UN Studio's New Haus Am Weinberg, Germany

With over 70 built projects to date, Ben van Berkel and his talented team at UN Studio are not afraid to leave their mark on this world! Whether it's a sculptural super structure, or a curvacious pavilion, each new project is captivating, purposeful, and mind spelling. UN's latest build, the Haus Am Weinberg, has been in the works for the past four years, which is short in architecture years, but quite long for the fans who anticipate UN's new work.

The new home hails all the way from Stuttgart, Germany with pastoral views of the stepped terraces of an ancient hillside vineyard on one side and cityscape vistas on the other.

The team at UN explained the intentions of the curves, and that each undulation "reacts and responds directly to the sloping landscape of the site, where the scales and inclinations of the slopes which sculpture the vineyard setting are reflected in the volumetric appearance of the house."

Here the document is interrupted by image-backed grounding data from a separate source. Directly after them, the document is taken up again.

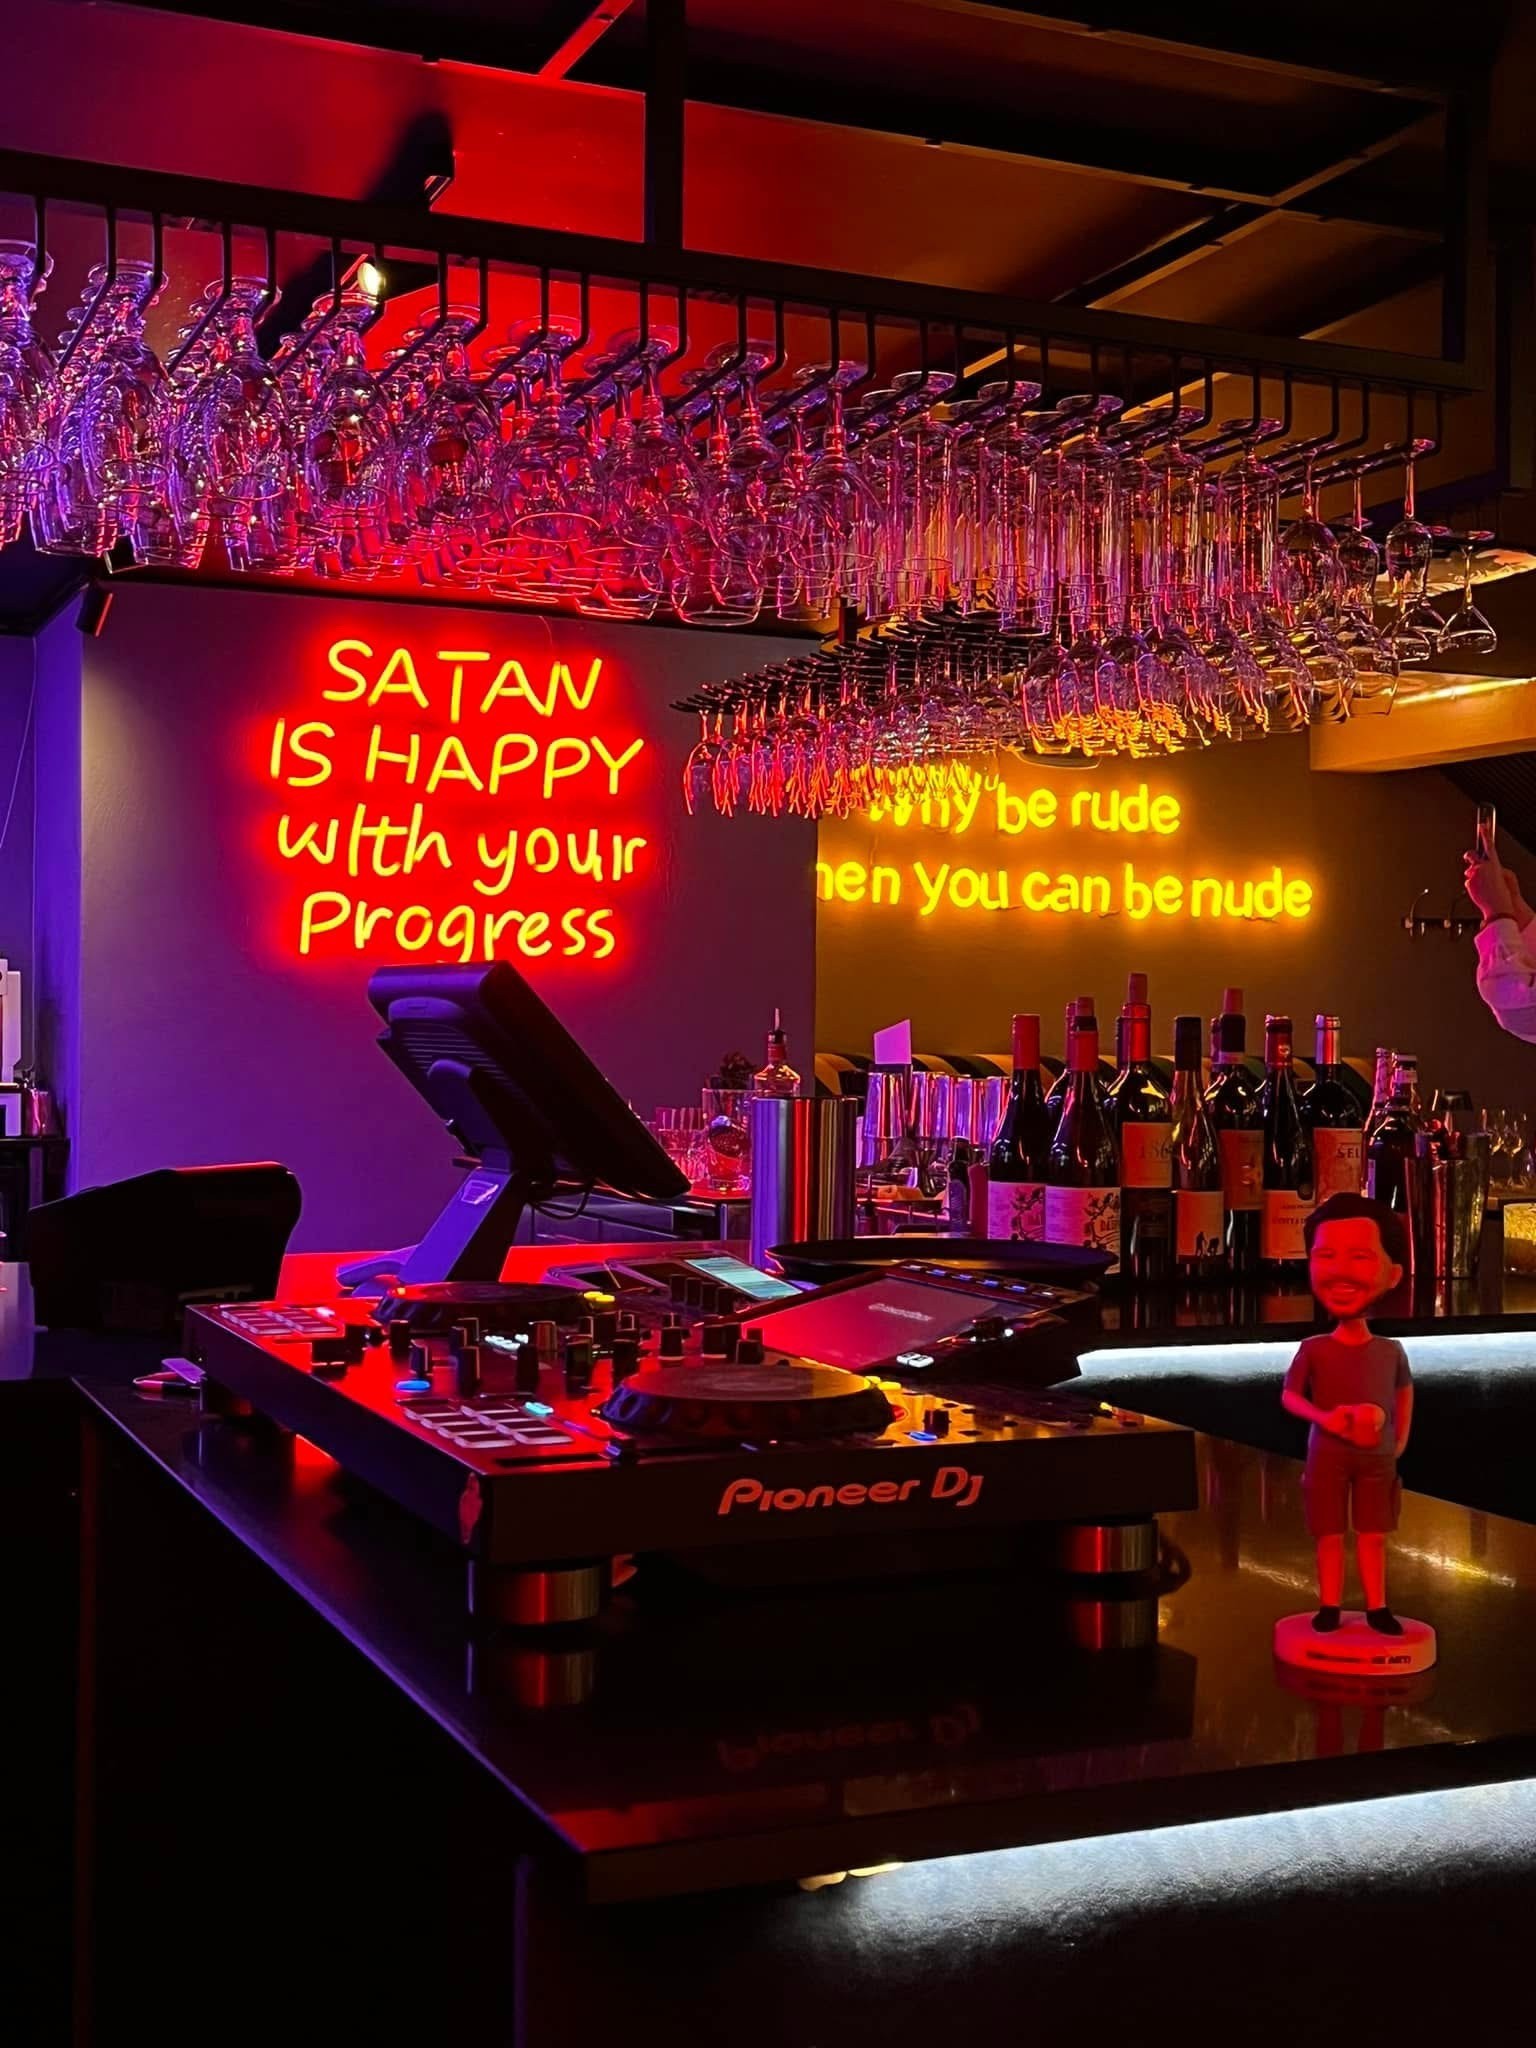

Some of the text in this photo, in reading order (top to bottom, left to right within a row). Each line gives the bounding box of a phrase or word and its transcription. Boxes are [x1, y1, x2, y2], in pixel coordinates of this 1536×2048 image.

[322, 639, 602, 723] SATAN
[270, 718, 644, 799] IS HAPPY
[998, 783, 1058, 834] be
[1071, 783, 1181, 834] rude
[473, 828, 647, 896] your
[913, 861, 1008, 915] you
[1020, 870, 1111, 914] can
[1124, 862, 1184, 920] be
[1190, 866, 1313, 918] nude
[718, 1478, 920, 1514] Pioneer
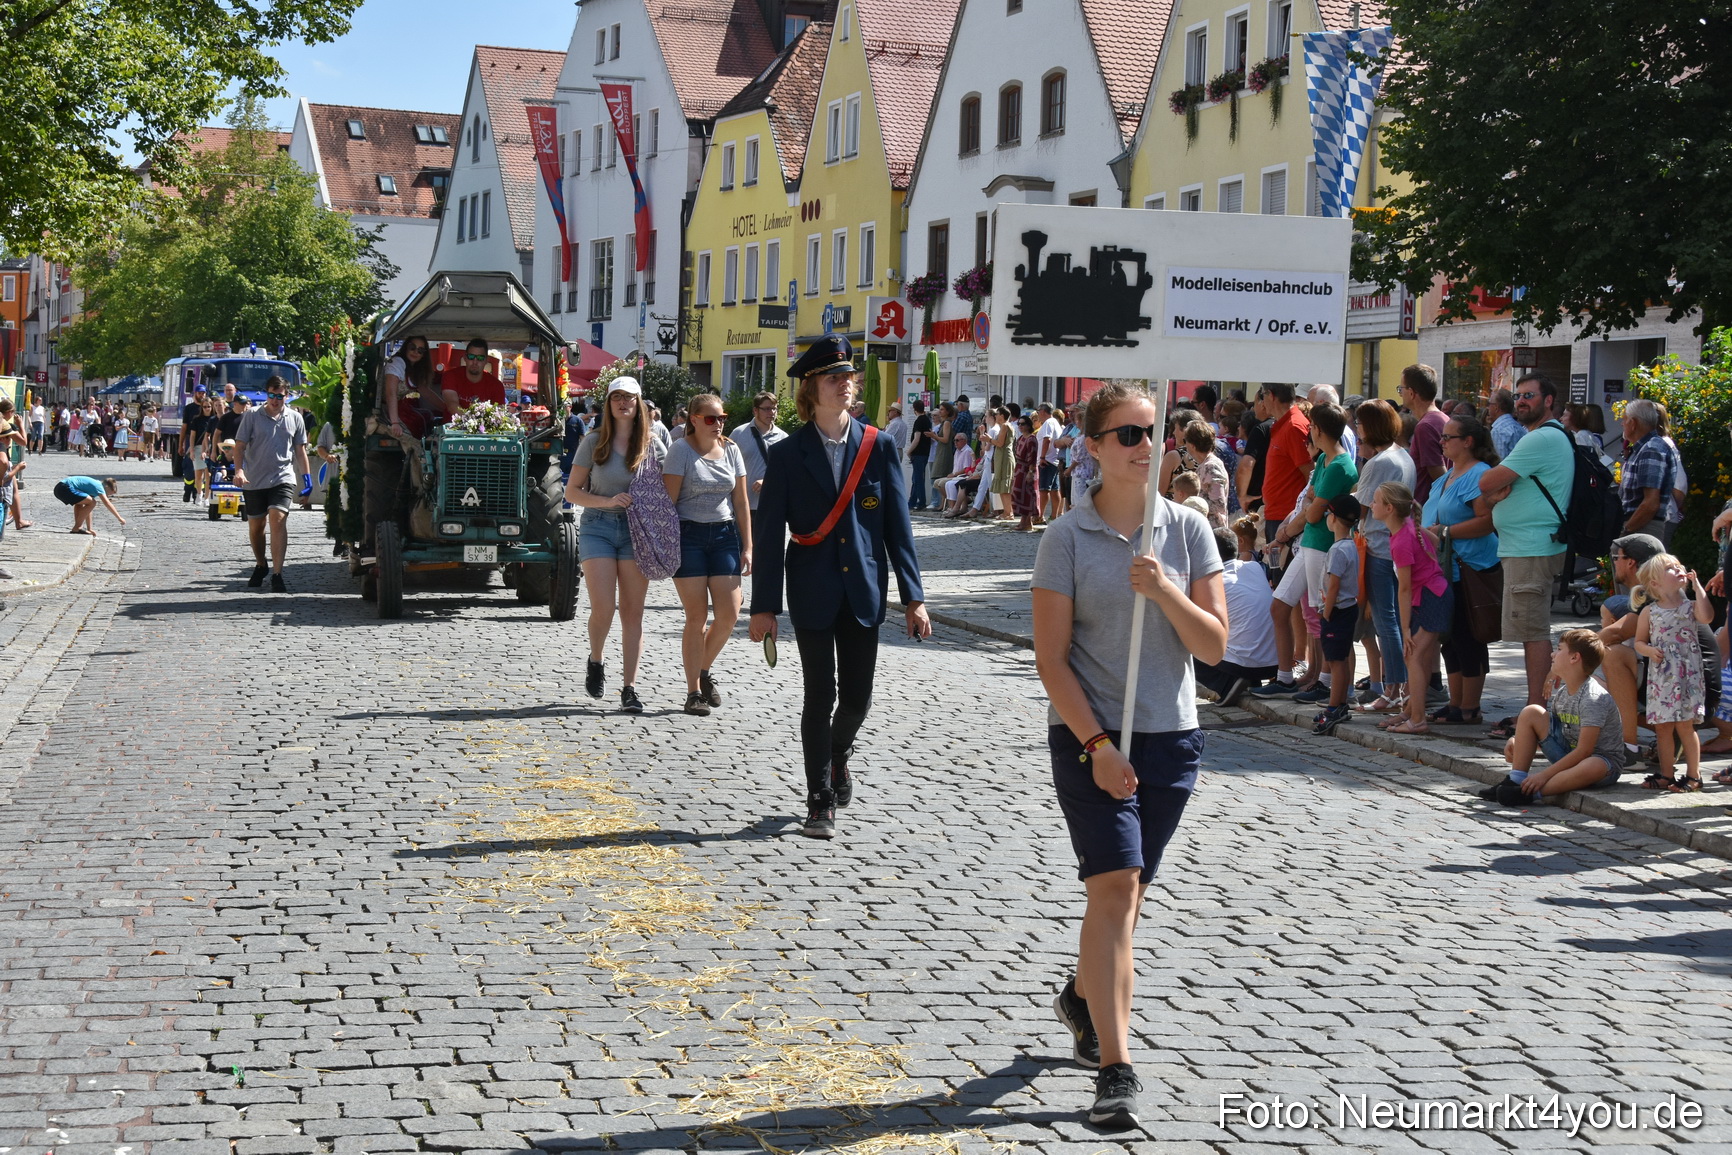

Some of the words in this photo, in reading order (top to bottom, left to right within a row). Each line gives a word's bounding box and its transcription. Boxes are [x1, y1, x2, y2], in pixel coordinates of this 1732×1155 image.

[622, 90, 631, 134] RUPPERT
[732, 213, 758, 238] HOTEL
[763, 210, 793, 231] Lehmeier
[1171, 276, 1333, 296] Modelleisenbahnclub
[1350, 295, 1373, 310] RIALTO
[1375, 292, 1391, 308] KINO
[760, 318, 789, 326] TAIFUN
[825, 308, 832, 332] P
[1173, 316, 1251, 331] Neumarkt
[1255, 319, 1263, 334] /
[1267, 320, 1299, 336] Opf.
[1303, 322, 1332, 335] e.V.
[726, 328, 762, 345] Restaurant
[447, 443, 518, 453] HANOMAG
[467, 553, 480, 562] SX
[483, 553, 494, 562] 39
[474, 546, 488, 554] NM
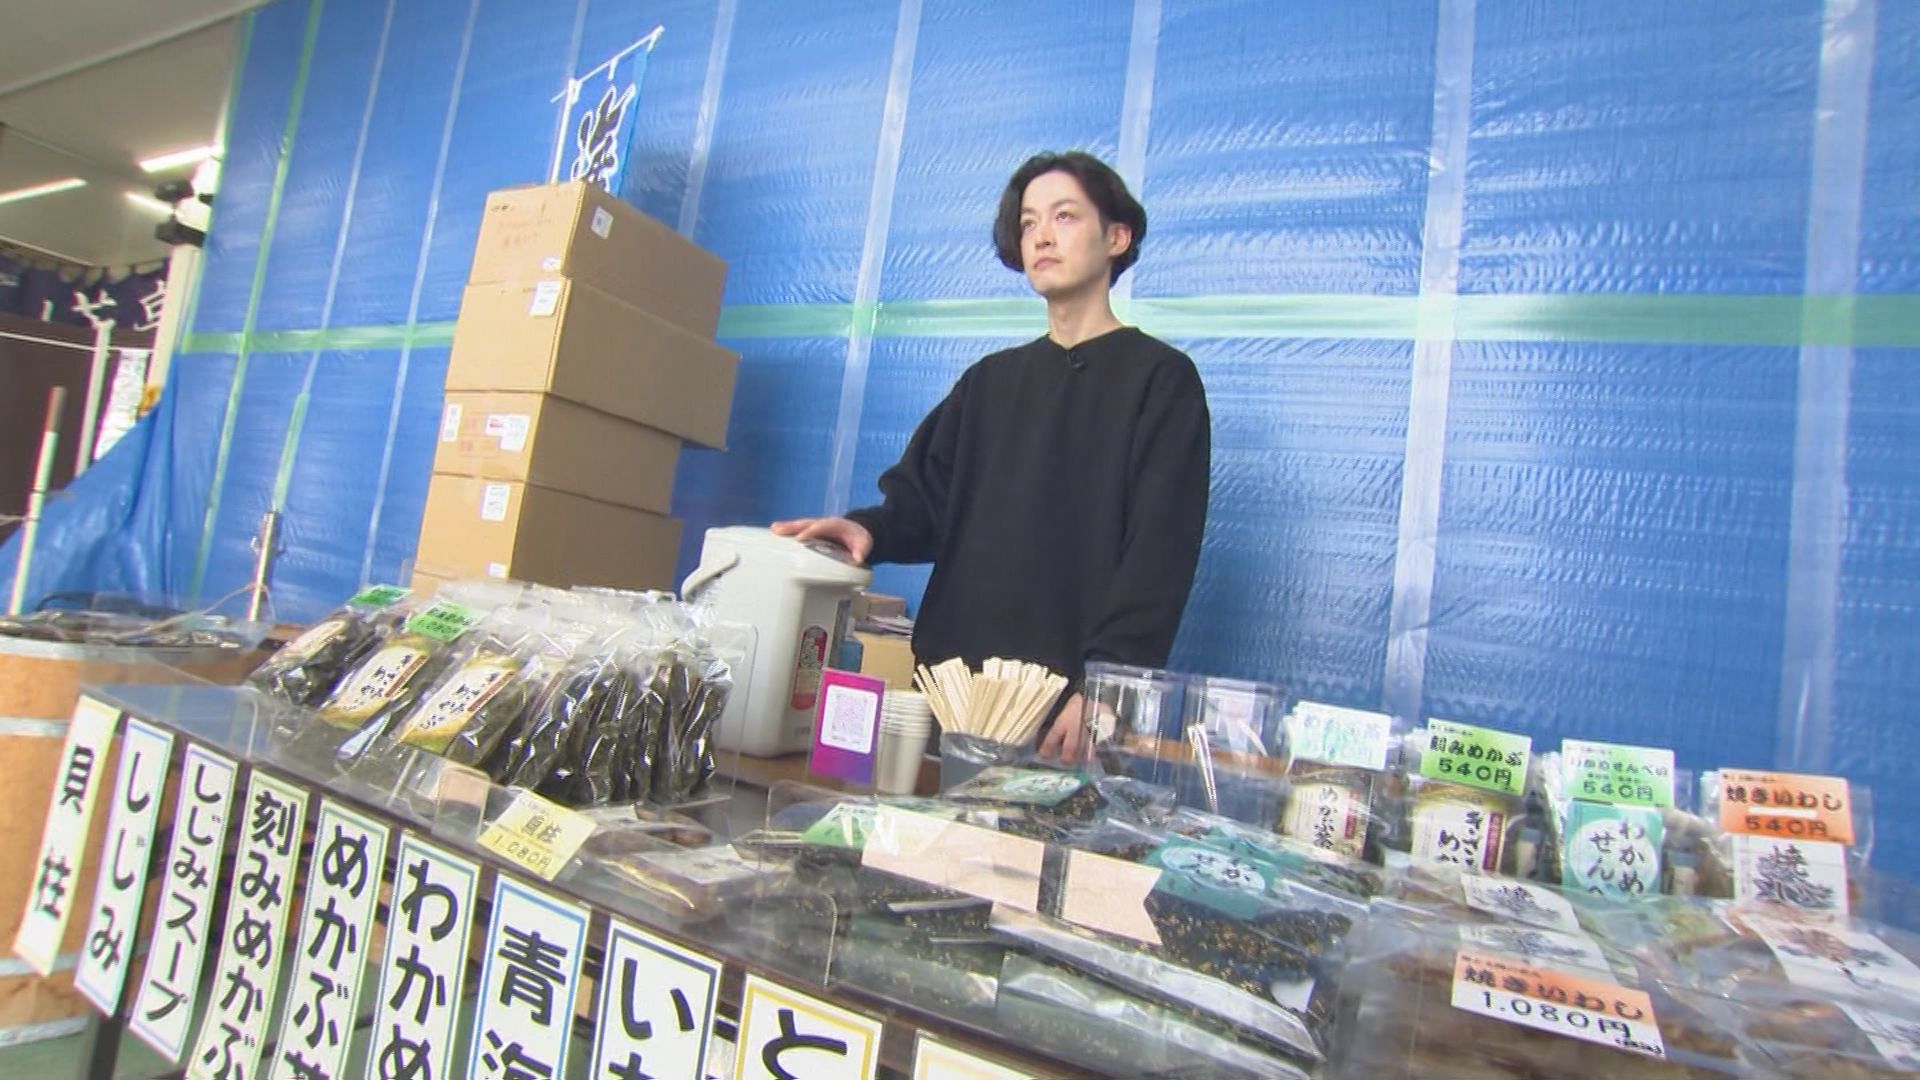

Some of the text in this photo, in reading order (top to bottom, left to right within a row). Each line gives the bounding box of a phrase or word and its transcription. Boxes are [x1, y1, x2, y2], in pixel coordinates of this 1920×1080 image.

The interiors enhance the form of the home by a single gesture, ‘the twist’. "This central element supports the main staircase as it guides and organizes the main flows through the house. The direction of each curve is determined by a set of diagonal movements." As the program distribution follows the path of the sun, each evolution in the twist leads to moments in which views to the outside become an integral experience of the interior.

Notes From The Architect: A double-height, glazed corner - which houses the dining area - opens up to extensive views towards the North-West and frames the vineyard hill which forms the backdrop to the house. Views from the living room are extended by means of a fully glazed corner affording open vistas toward the nearby park lands to the South-West. Further views from the twist are encountered on the second level, where the master sleeping and wellness areas are located.

Notes From The Architect: The interior of the Haus am Weinberg is arranged into spaces of varying atmospheres and spatial qualities, with the four glazed and open corners allowing daylight to reach deep into the house. The materialization of the interior of the house further accentuates the overall atmosphere of light by means of natural oak flooring, natural stone and white clay stucco walls speckled with small fragments of reflective stone.